TRY IT: Please output exactly the lines from the one that holds "Some of the words" through the final line of the data, and nothing else; leave out any pictures.

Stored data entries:
####
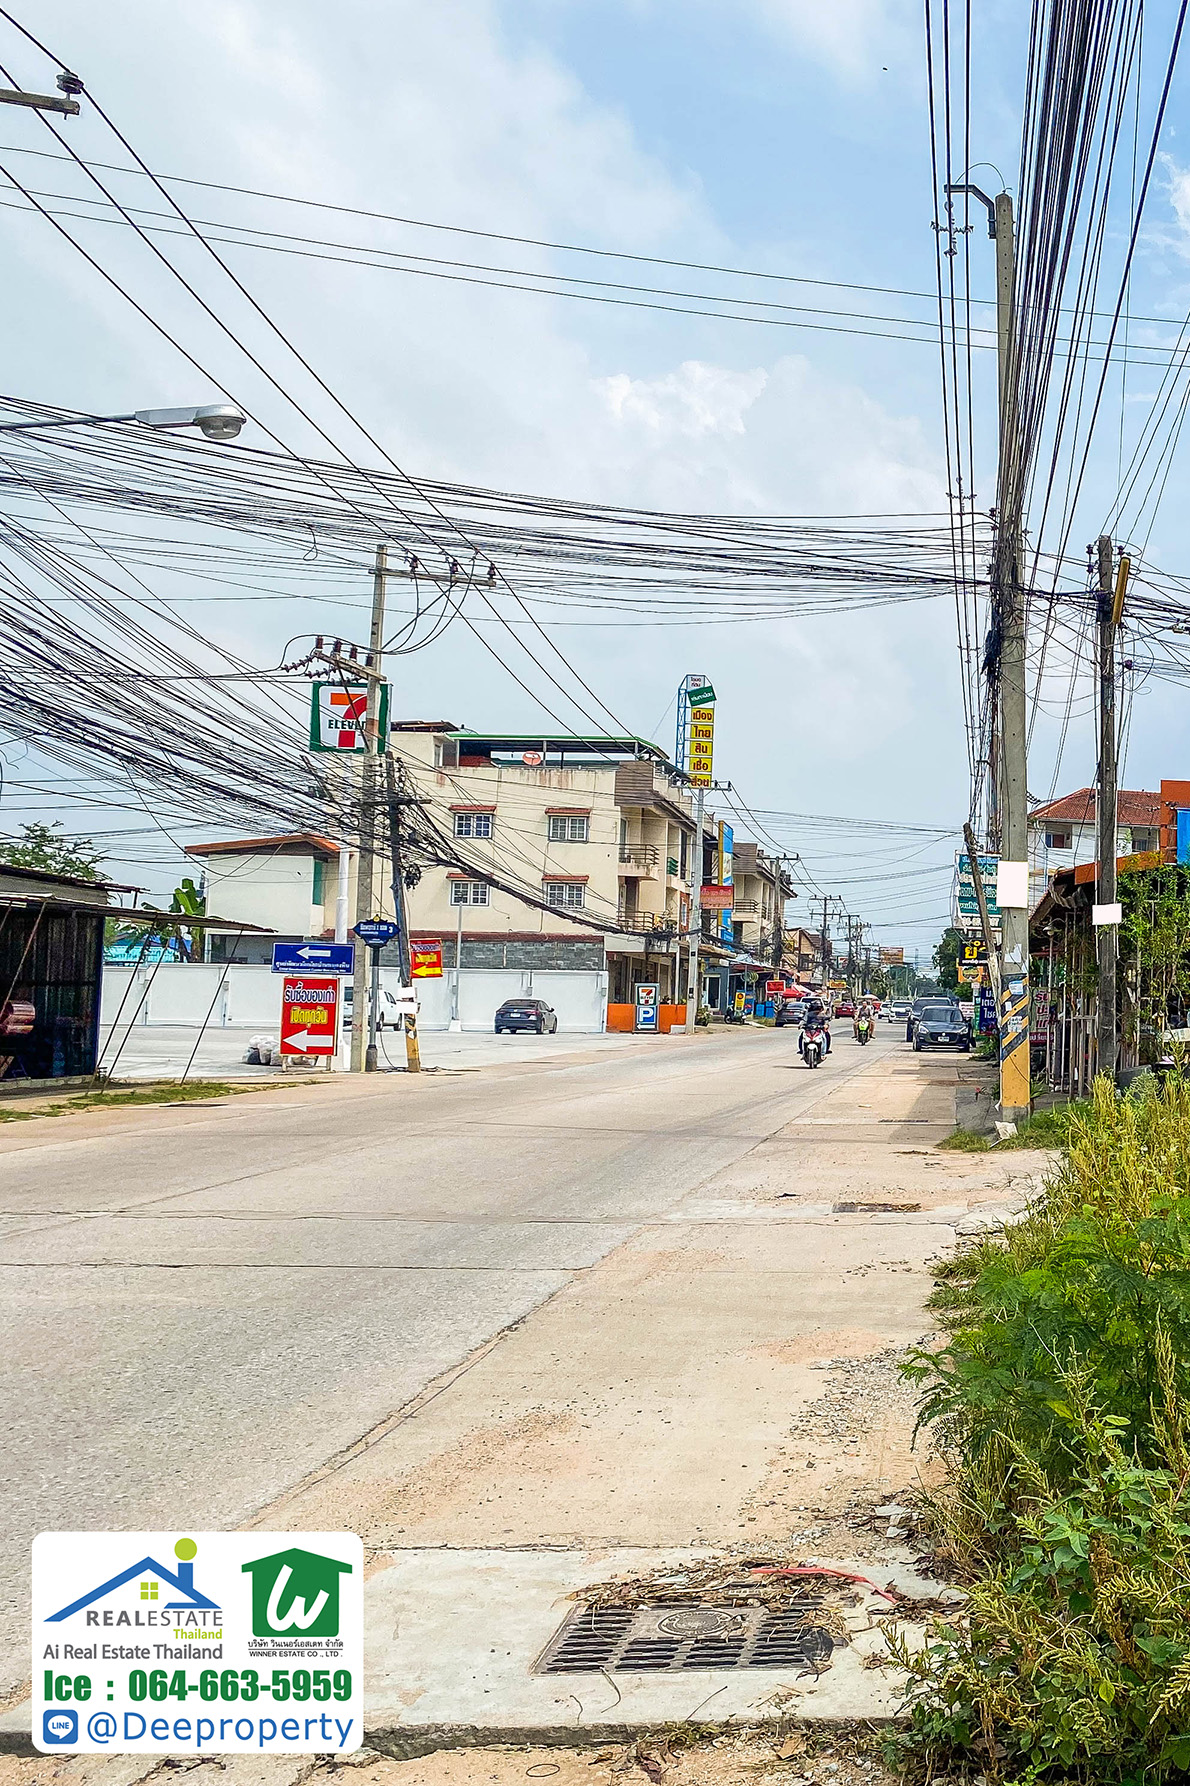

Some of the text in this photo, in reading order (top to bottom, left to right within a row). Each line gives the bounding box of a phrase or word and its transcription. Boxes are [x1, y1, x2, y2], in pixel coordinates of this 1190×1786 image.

[330, 693, 367, 748] 7
[284, 981, 336, 1004] รับซื้อของเก่า
[289, 1006, 328, 1028] เปิดทุกวัน
[639, 1007, 654, 1022] P
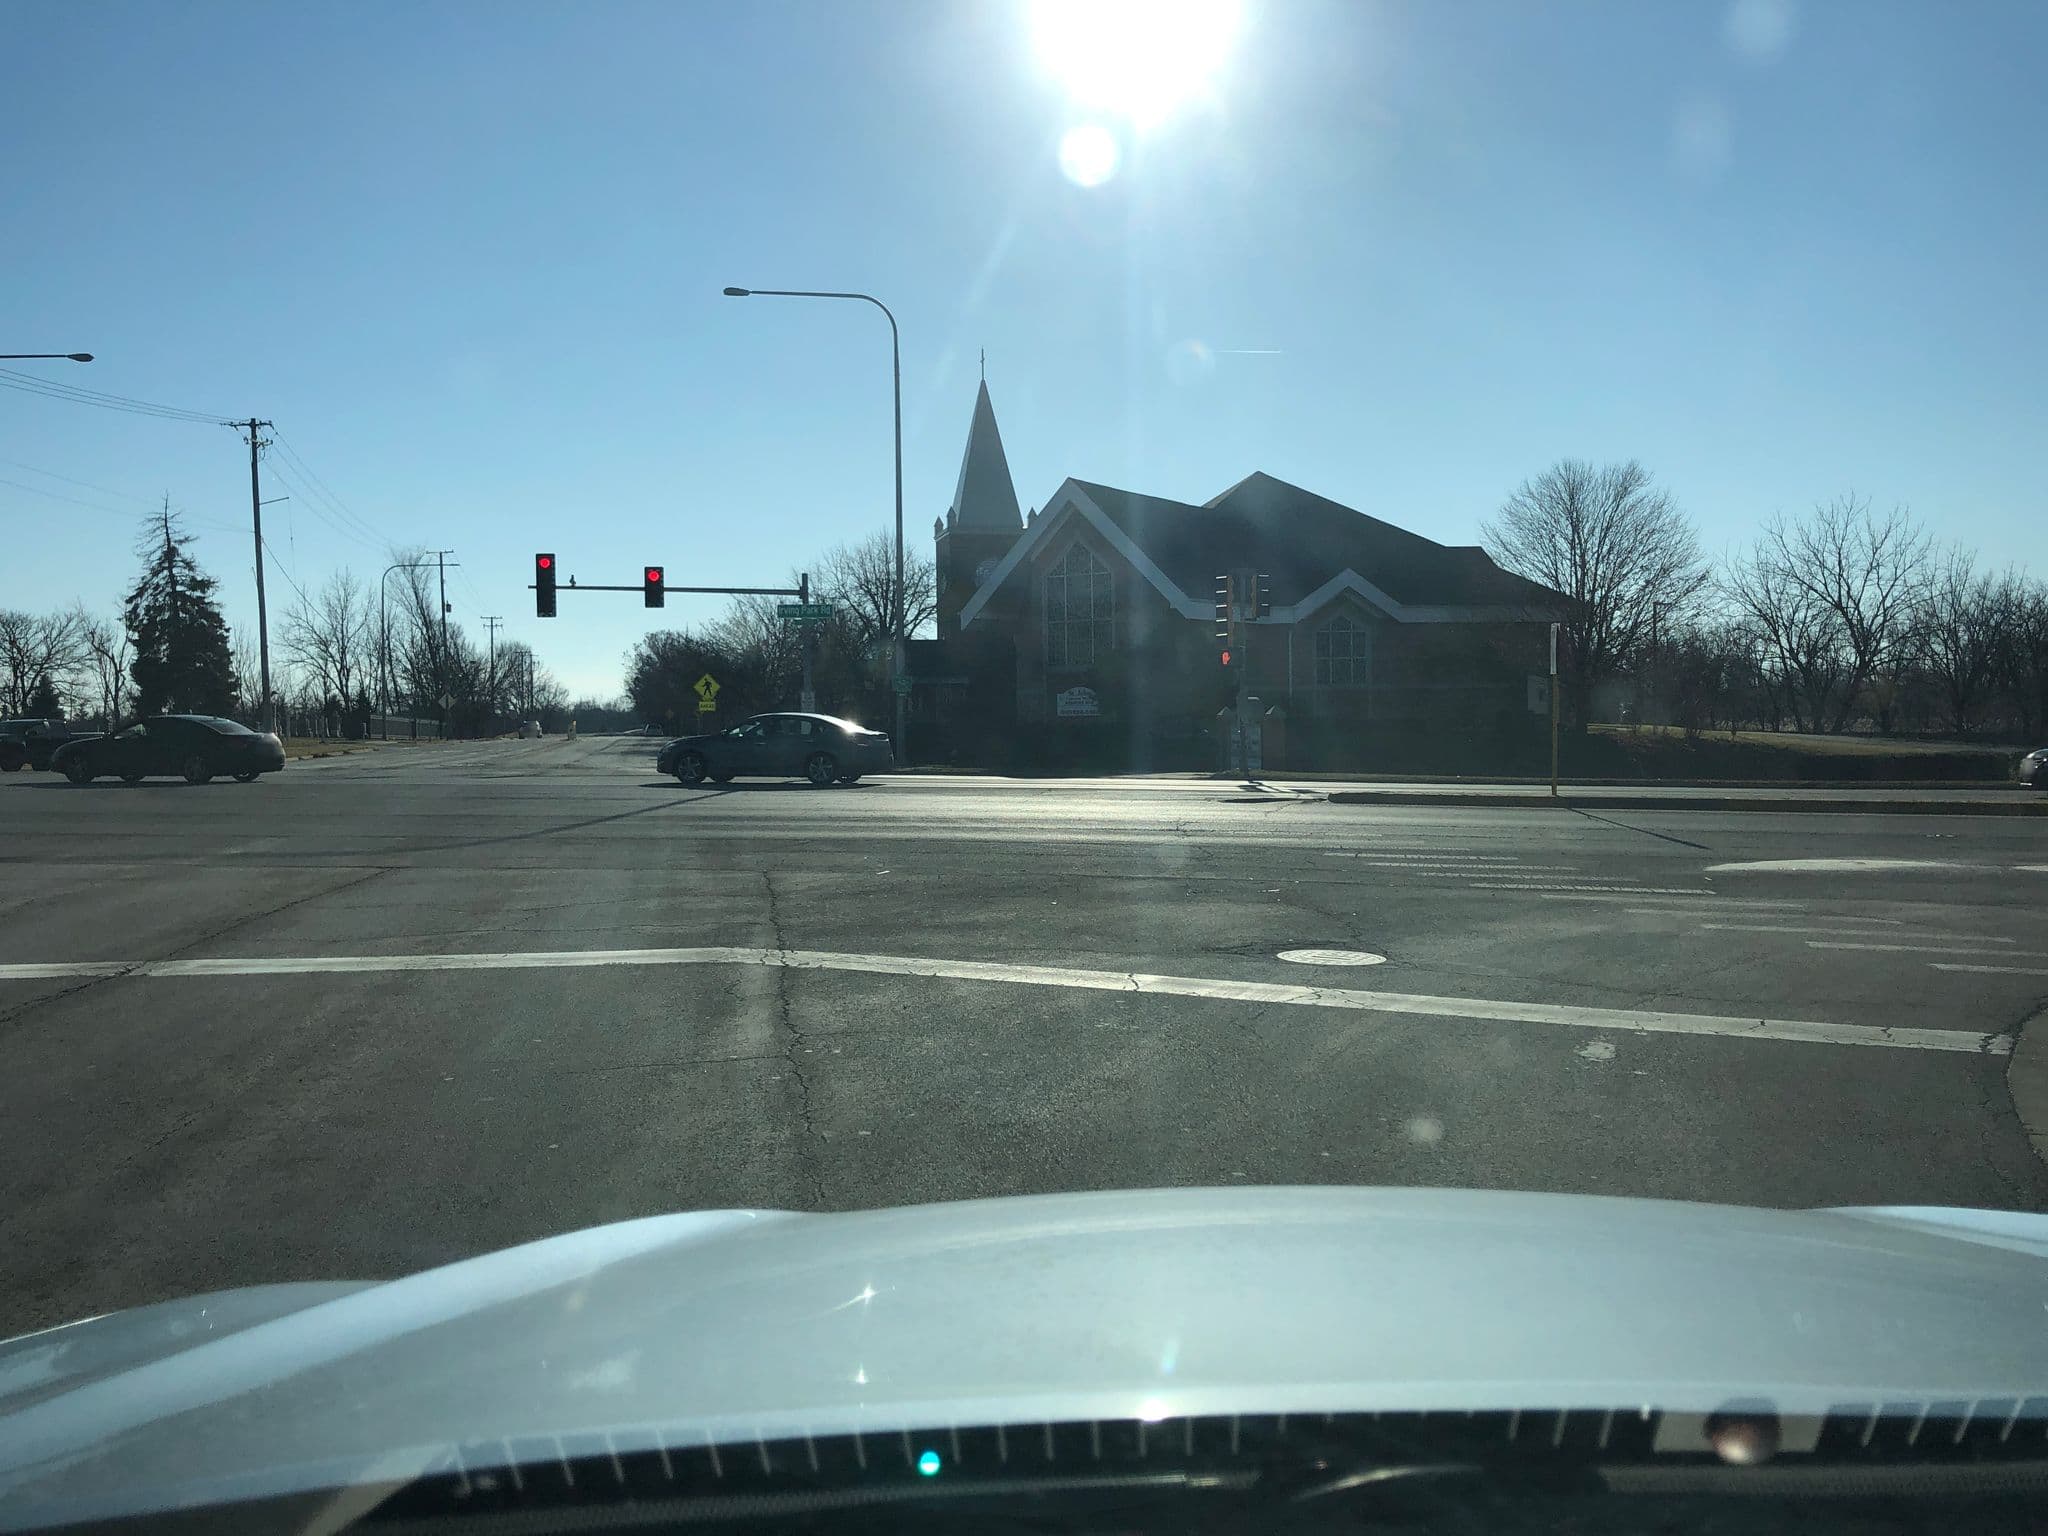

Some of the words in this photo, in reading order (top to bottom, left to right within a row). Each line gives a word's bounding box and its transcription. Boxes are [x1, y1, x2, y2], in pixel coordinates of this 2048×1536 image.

[778, 606, 800, 617] Irving
[801, 606, 819, 615] Park
[821, 606, 831, 615] Rd
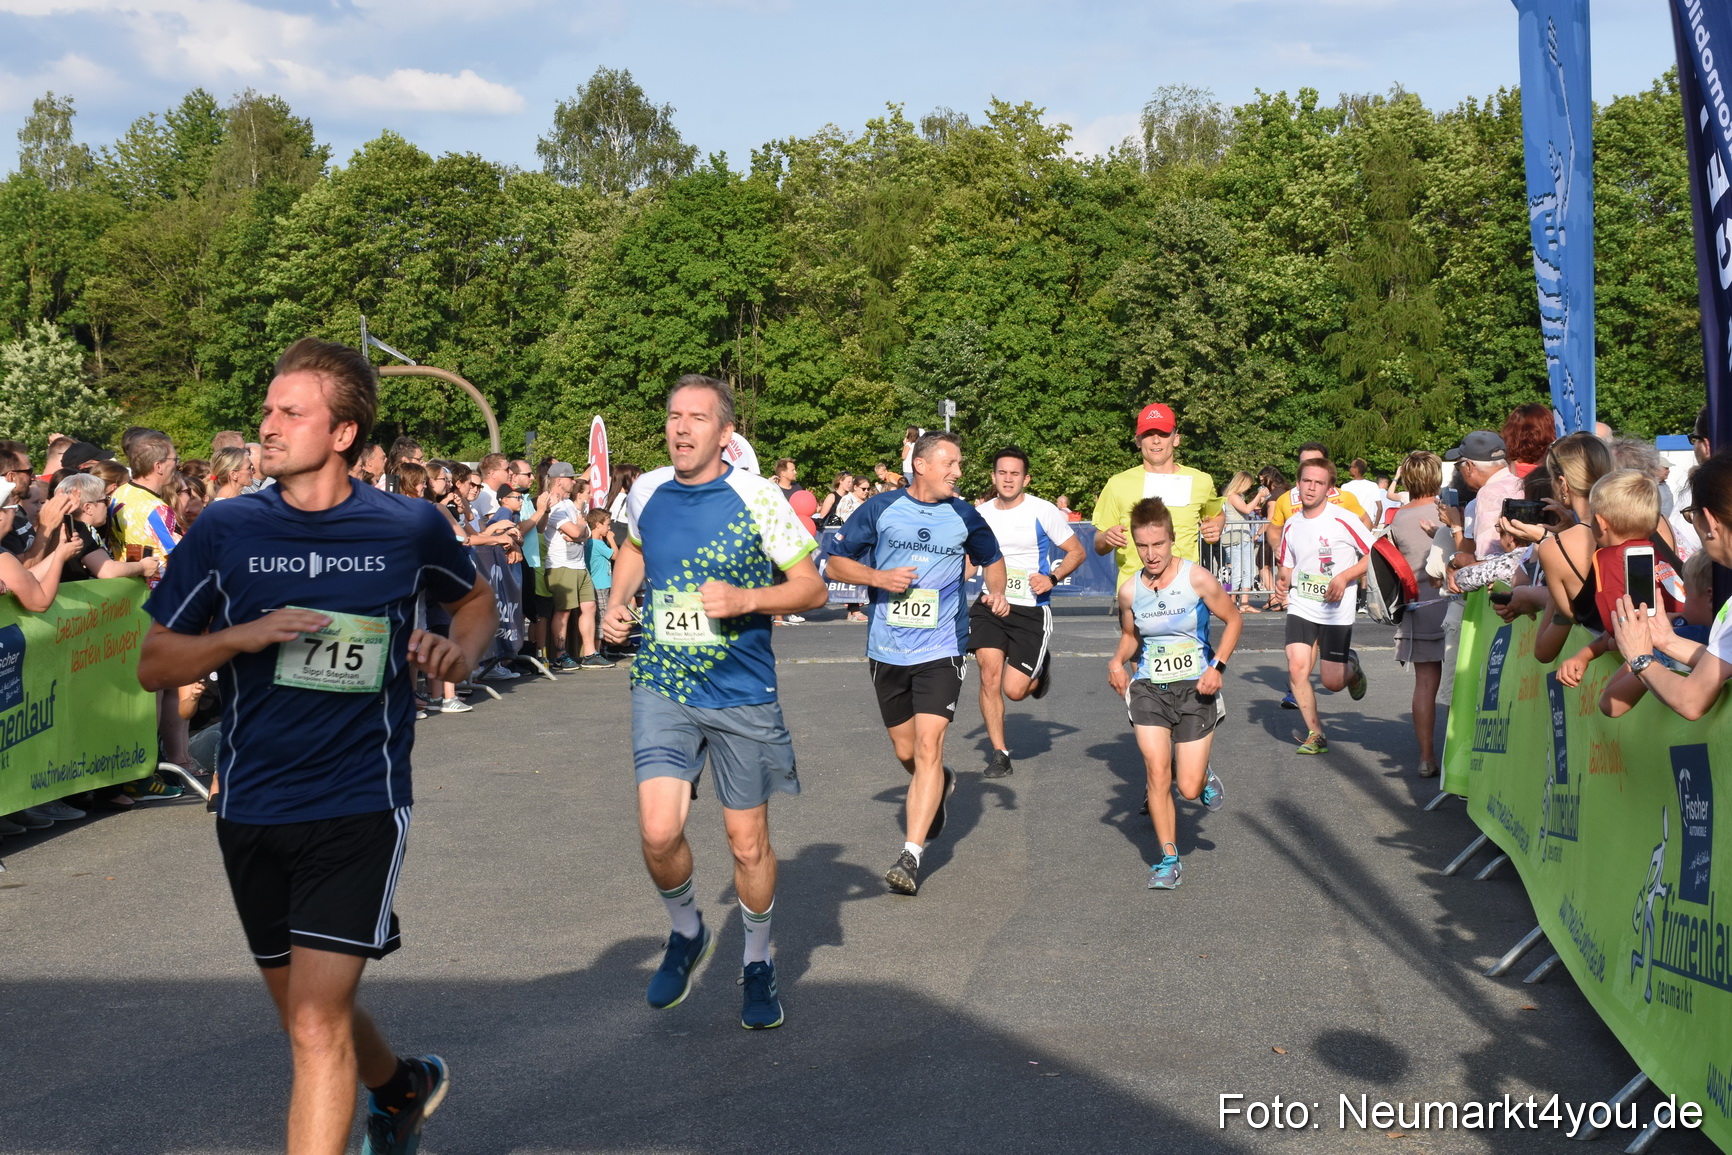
####
ANSWER SECTION:
Some of the words in this photo, in reading order (top to bottom, left to right within a row). Each line gives a word's bounding box and its transcription. Boxes are [x1, y1, x2, y2], in pixel coordinates of this 2048×1536 image.

[778, 606, 800, 617] Irving
[801, 606, 819, 615] Park
[821, 606, 831, 615] Rd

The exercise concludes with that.